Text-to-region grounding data
=== Begin Enclosure ===

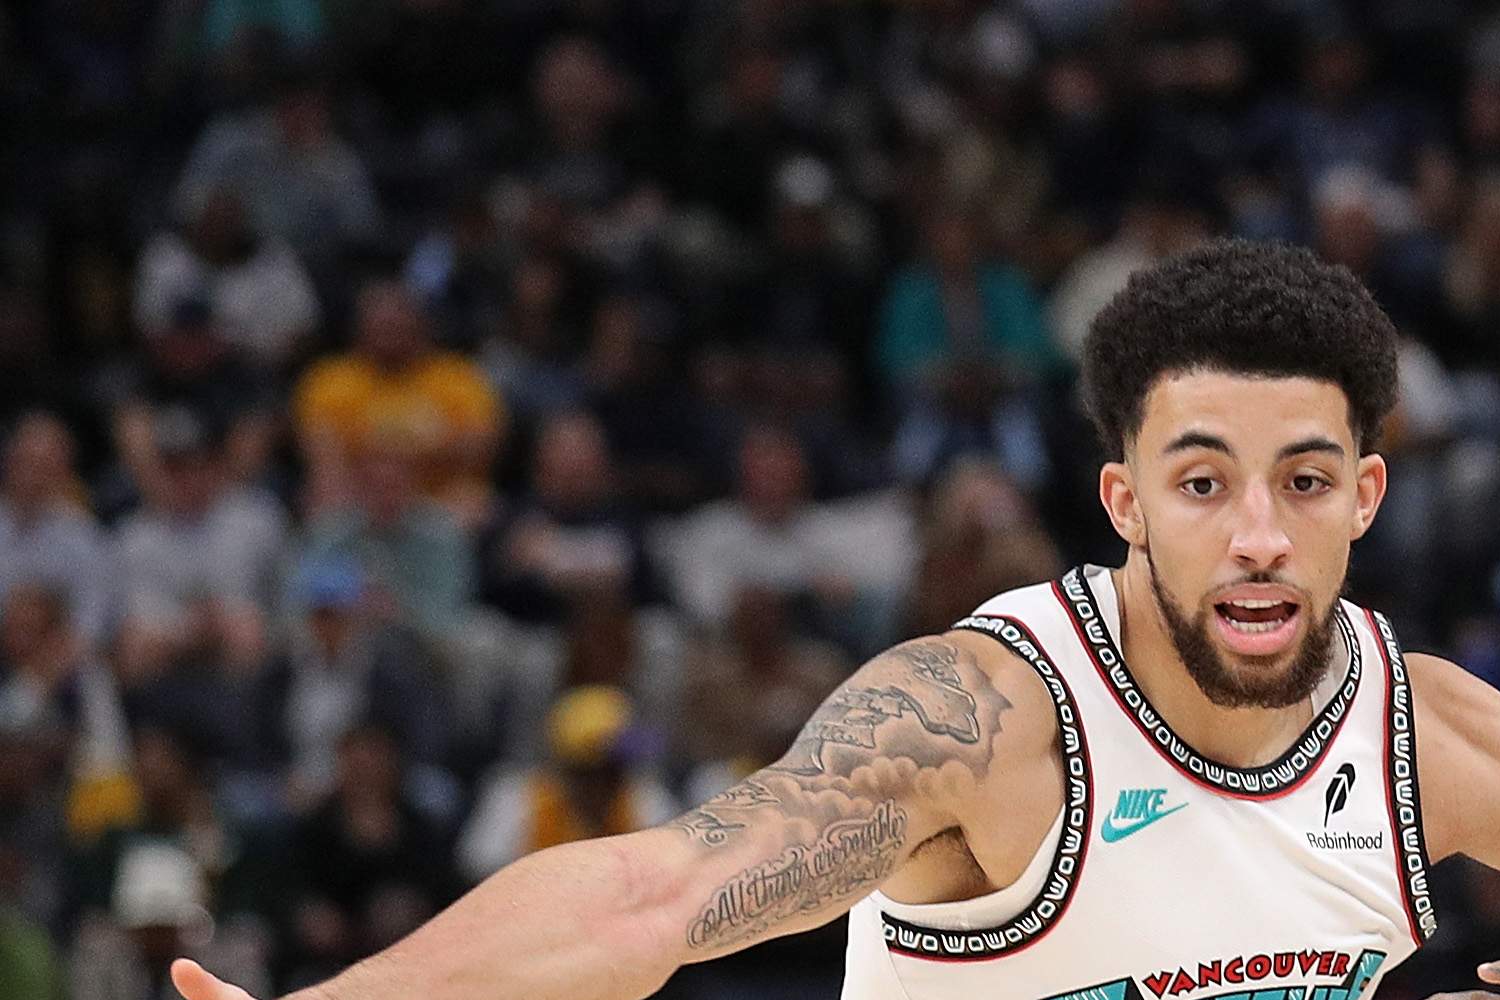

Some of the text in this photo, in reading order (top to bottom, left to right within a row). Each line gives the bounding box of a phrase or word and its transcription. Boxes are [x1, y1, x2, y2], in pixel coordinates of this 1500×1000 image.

[1112, 788, 1168, 820] NIKE
[1306, 831, 1384, 850] Robinhood
[1142, 948, 1352, 999] VANCOUVER
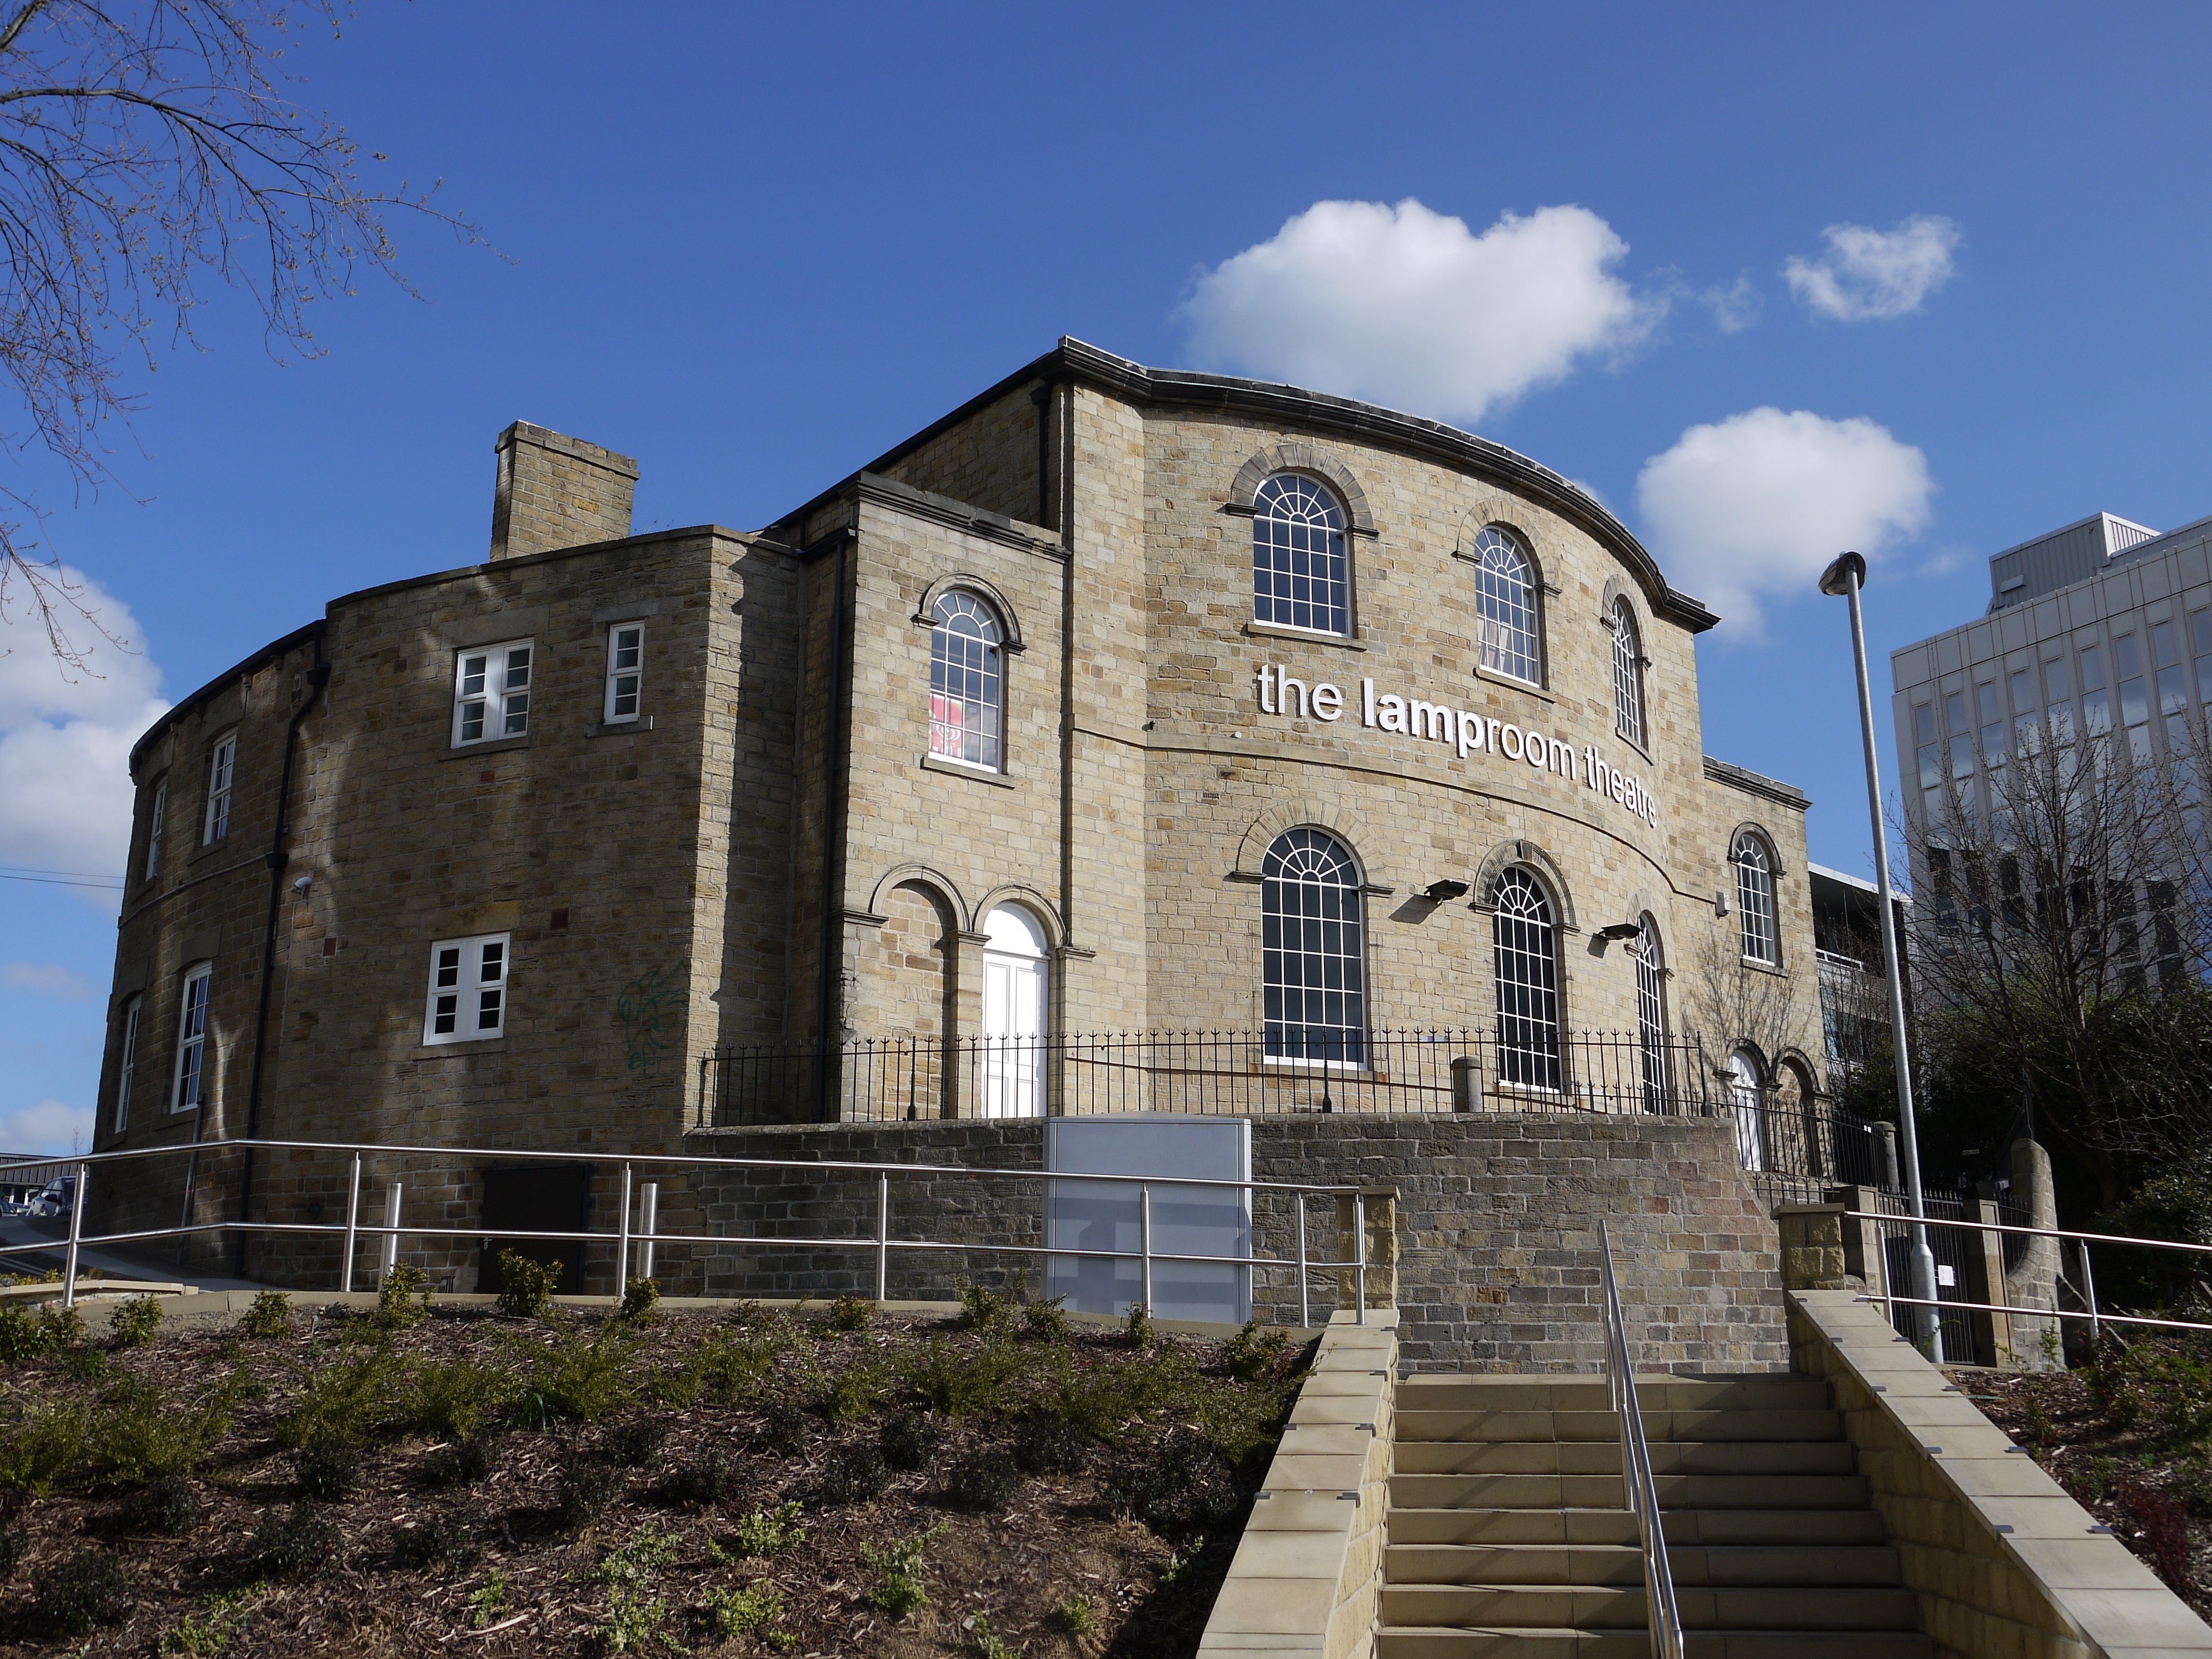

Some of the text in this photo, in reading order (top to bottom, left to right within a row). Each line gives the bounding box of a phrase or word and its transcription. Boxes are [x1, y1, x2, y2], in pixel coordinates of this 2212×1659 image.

[1258, 664, 1657, 828] the lamproom theatre

=== End Enclosure ===

Exercise: When a record holds a picture, leave that picture out; copy the rest verbatim.

Your solution:
Some of the text in this photo, in reading order (top to bottom, left to right within a row). Each line gives the bounding box of a phrase or word and its transcription. Boxes are [x1, y1, x2, y2], in pixel coordinates of this 1500×1000 image.

[1112, 788, 1168, 820] NIKE
[1306, 831, 1384, 850] Robinhood
[1142, 948, 1352, 999] VANCOUVER

Some of the text in this photo, in reading order (top to bottom, left to right within a row). Each line gives the bounding box of a phrase or word and its transcription. Boxes are [x1, y1, x2, y2], in pixel coordinates of this 2212×1659 image.

[1258, 664, 1657, 828] the lamproom theatre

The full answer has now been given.